TELOSscope: The Telos Press Blog

Sklar: Capitalism-Socialism Mix

This is the third in a series of posts that introduce the thought of historian Martin J. Sklar, as a prelude to a print symposium on his life and work in a future issue of Telos. For a fuller introduction, refer to the head note to the first TELOSscope post. Whereas the first two posts showcased the historian’s engagement with philosophy, this post highlights one of his important contributions to political economy.* Sklar profoundly reinterprets the idea of a “mixed economy,” on the basis of the new concepts of “capitalist investment component” (CIC) and “socialist investment component” (SIC). In so doing, he also clarifies the meanings of capitalism and socialism as political-economic systems. Like conventional “mixed economy” theorists, Sklar came to believe that there would be a long historical period during which advanced societies would combine features of capitalism and features of socialism, with the later gaining gradual ascendancy. His understanding of which features belong to which system, however, upends conventional theories of government = socialism, “private” sector = capitalism. In the following selection, an excerpt from his most mature and systematic discussion of the capitalism-socialism mix, Sklar classifies investment according to its function, rather than its origin. Investment for profit—whether by business or by government—is capitalist; investment for social welfare—again, whether by business or by government—is socialist. Affirmation, as historical fact and political desideratum, of socialism within civil society is consistent with Sklar’s rejection of the statist dimension in Hegel’s thinking (see the second post in this series). Complementary to rejecting the equation of socialism with government, Sklar vigorously rejected the equation of avowed socialist parties, movements, and individual advocates with socialism. The rise (or decline) of socialism (or any other political-economic system) should be measured first and foremost in the economy (“relations of production,” in Marx’s terms), not in political rhetoric, election results, demonstration sizes, etc. The following selection begins on this latter note.

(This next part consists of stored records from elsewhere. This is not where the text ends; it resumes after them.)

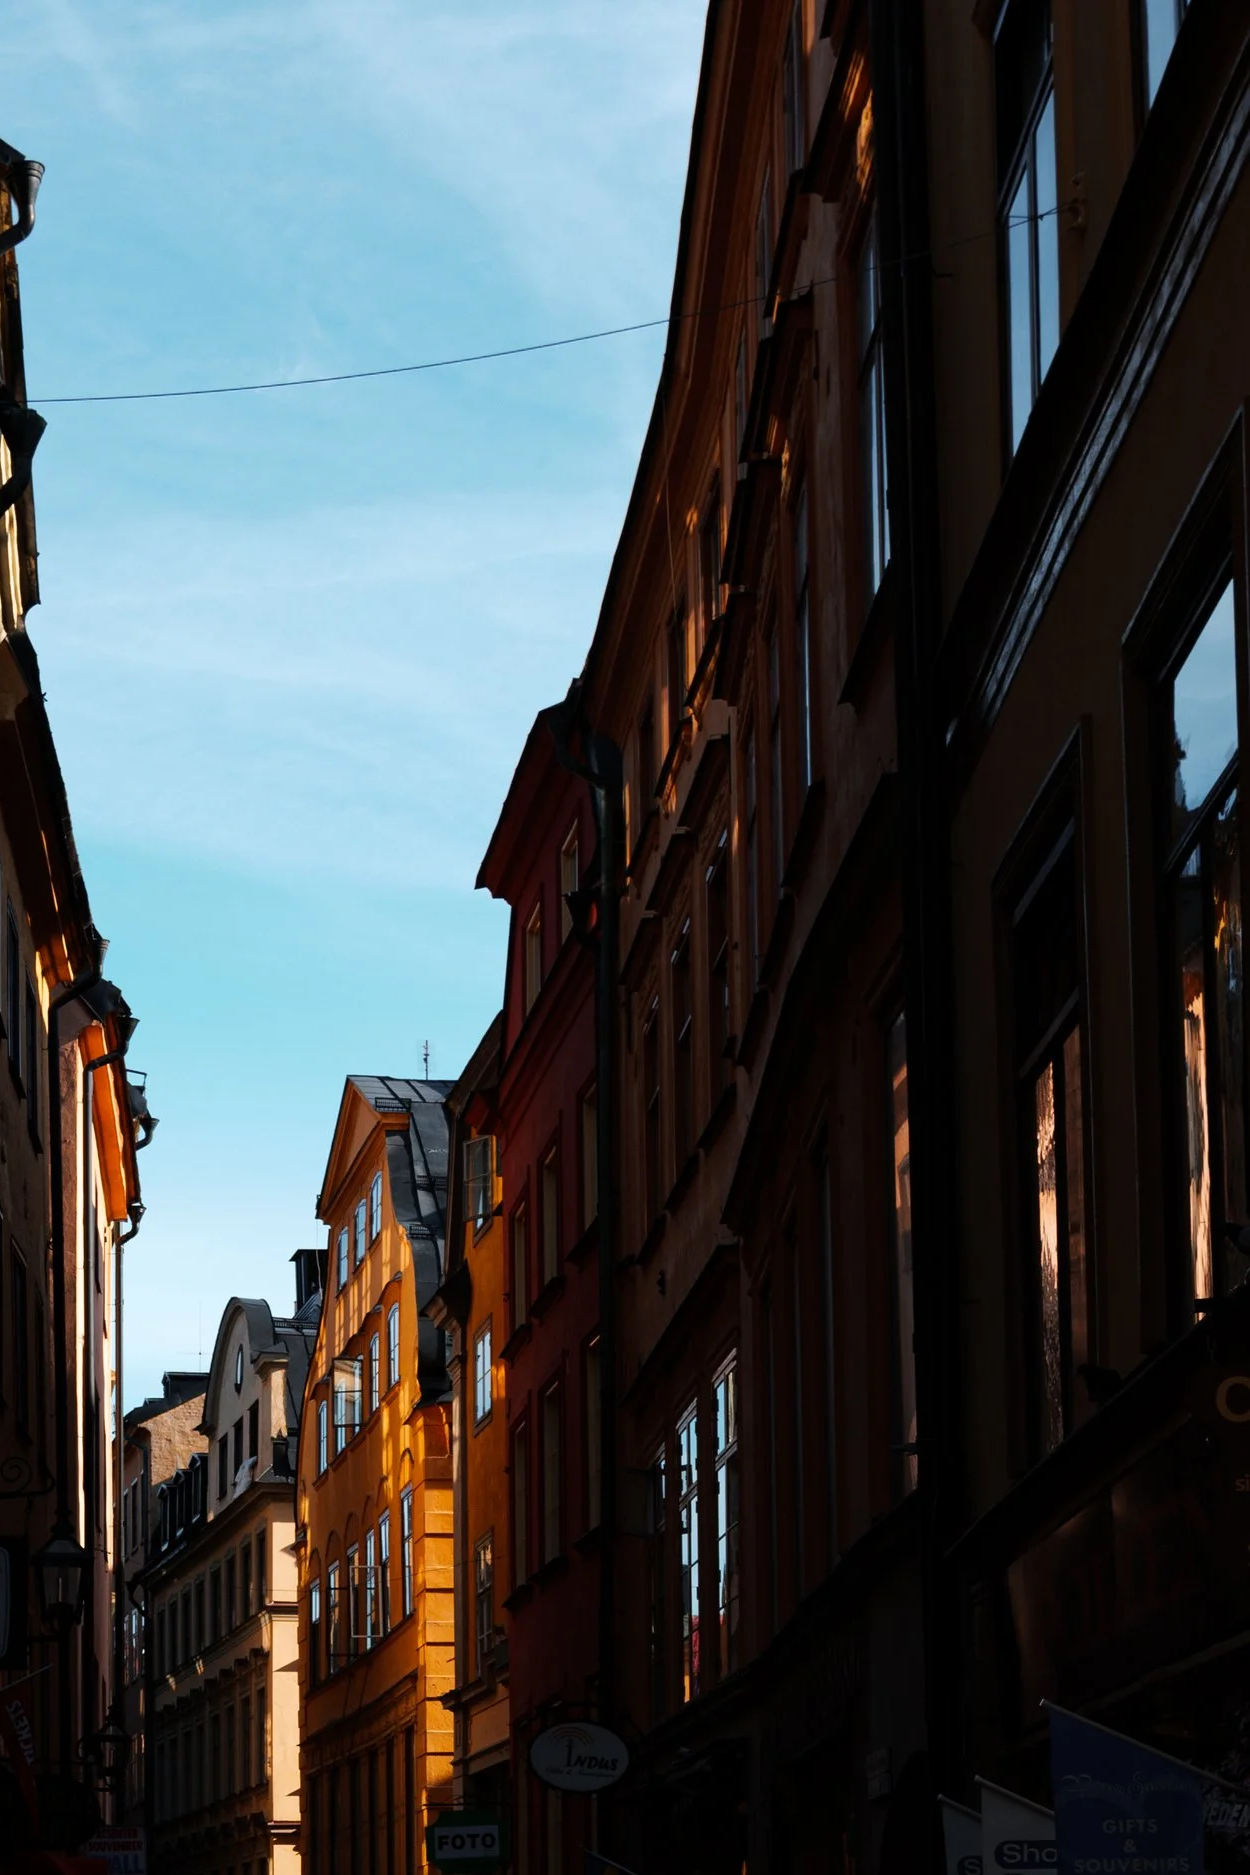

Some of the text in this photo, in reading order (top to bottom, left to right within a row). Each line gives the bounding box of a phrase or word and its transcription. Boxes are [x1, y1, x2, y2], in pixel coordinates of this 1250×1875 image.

[1102, 1818, 1159, 1835] GIFTS
[437, 1832, 496, 1851] FOTO
[1122, 1837, 1139, 1854] &
[1001, 1843, 1059, 1864] Sho
[1073, 1857, 1191, 1874] SOUVENIRS
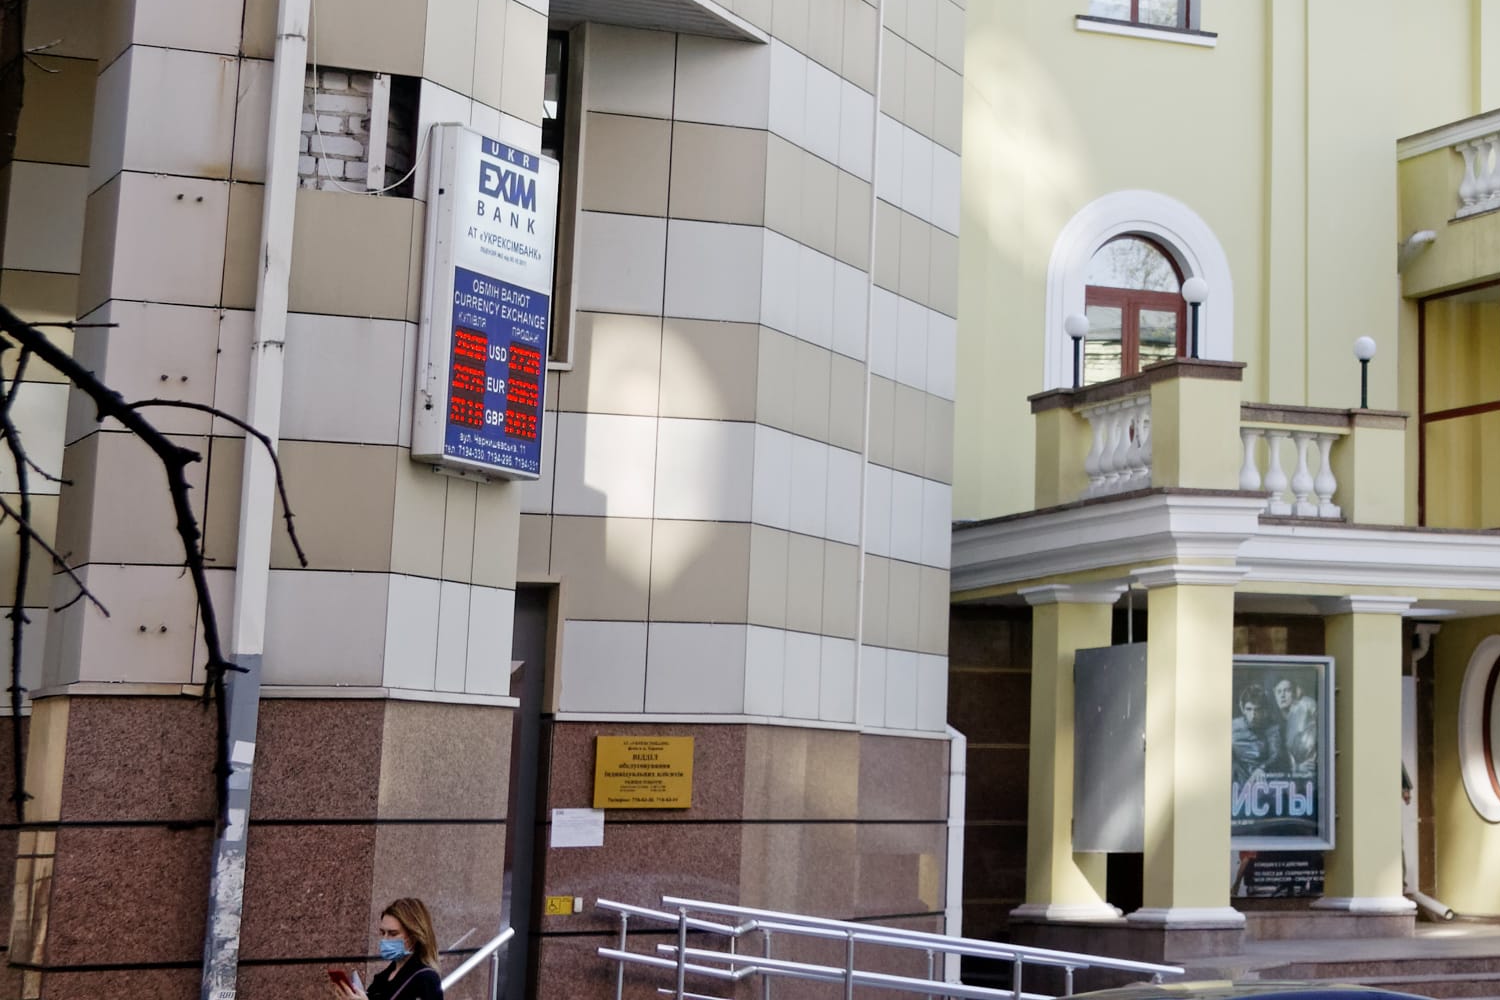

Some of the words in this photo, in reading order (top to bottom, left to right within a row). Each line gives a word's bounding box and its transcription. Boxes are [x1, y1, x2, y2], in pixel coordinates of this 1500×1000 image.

* Sklar had previously contributed to political economy by originating and theorizing the concept of disaccumulation as the process and phase of a modern economy whereby production of goods and services continues to expand on the basis of declining net investment. Sklar published an article on disaccumulation in the May–June 1969 issue of Radical America, and the article was republished in The United States as a Developing Country.

Norton Wheeler

Exerpt from “Thoughts on Capitalism and Socialism: Utopian and Realistic”
Journal of the Gilded Age and Progressive Era 2:4 (October 2003), pp. 361–76. Copyright © 2003 Society for Historians of the Gilded Age and Progressive Era. Reprinted with the permission of Cambridge University Press.

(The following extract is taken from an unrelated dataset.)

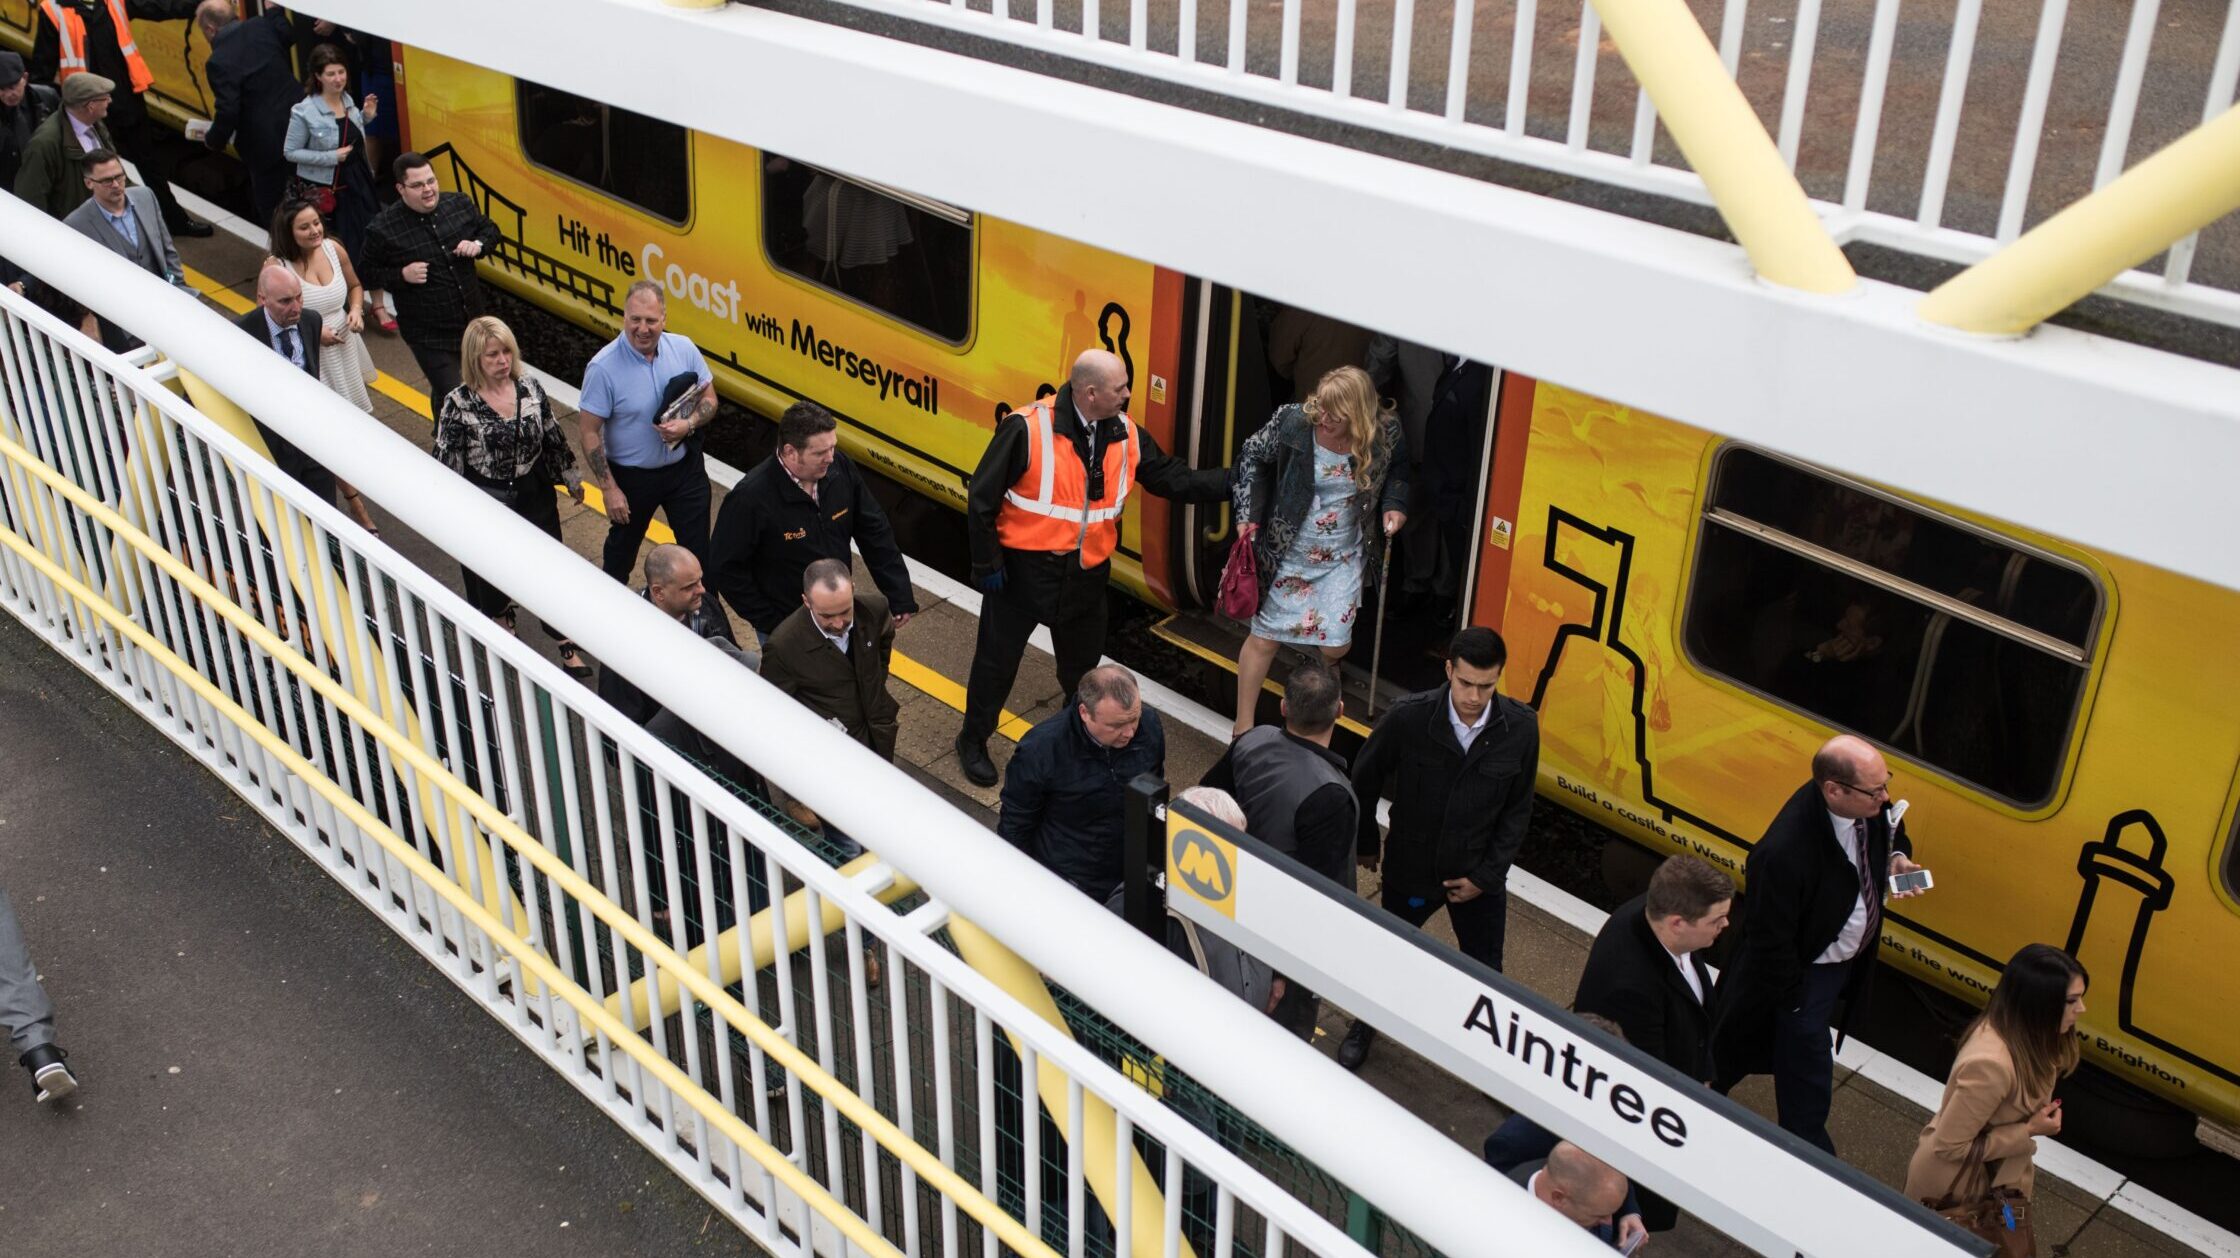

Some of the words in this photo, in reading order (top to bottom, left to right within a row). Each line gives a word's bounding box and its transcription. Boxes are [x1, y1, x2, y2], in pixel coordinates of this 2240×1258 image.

[C]apitalism is not to be equated with the thinking of the various persons who may have advocated or favored it. To do so would be an obvious fallacy. Capitalism is a mode of production or property-production system. Not all who favor capitalism are capitalists, and not all who are capitalists favor capitalism. Yet this fallacy is virtually taken for granted as a valid proposition when treating of socialism. Over and over again, historians and just about all others see socialism as the politics, movements, writings, and thinkers, known as, or professing to be, socialist, or favoring socialism.

The result is that historians and others have looked first for socialism in all the wrong places—that is, in parties, movements, personages, “radicals,” “the left,” leftists, books, pamphlets, newspapers, essays, and so on. No one would think of doing this with respect to capitalism. . . .

[A]ll [the aforementioned] versions of the old refrain [about no socialism in the United States] refer to the failure mostly of utopians and sectarians . . . to get power and control in U.S. government and society. But that is quite a different matter from whether or not socialism, as a mode of production, or as property-production-labor relations, has been present in real historical circumstances in the U.S. . . .

[If we examine social relations and institutions, rather than only ideas and their advocates] we are able to discern socialism (social relations, programs, goals, and outcomes) not only in government but also in the market—in investment input and allocated returns, in contractual relations, in pricing and taxpaying, and so on, and we can see market relations not only in the “private sector,” but also working in and upon the “public sector.” More than this, we can identify, and quantitatively calculate and measure, in both absolute and relative terms, what I call (a) a Capitalist Investment Component (CIC), and (b) a Socialist Investment Component (SIC), in market, associational, and government spheres alike, and we can begin to track their intersecting and interweaving, so that we are able to see the U.S. political-economy, ca. 1900 and since, as an evolving mix of capitalism and socialism—not in abstract or utopian terms, but in real history. . . .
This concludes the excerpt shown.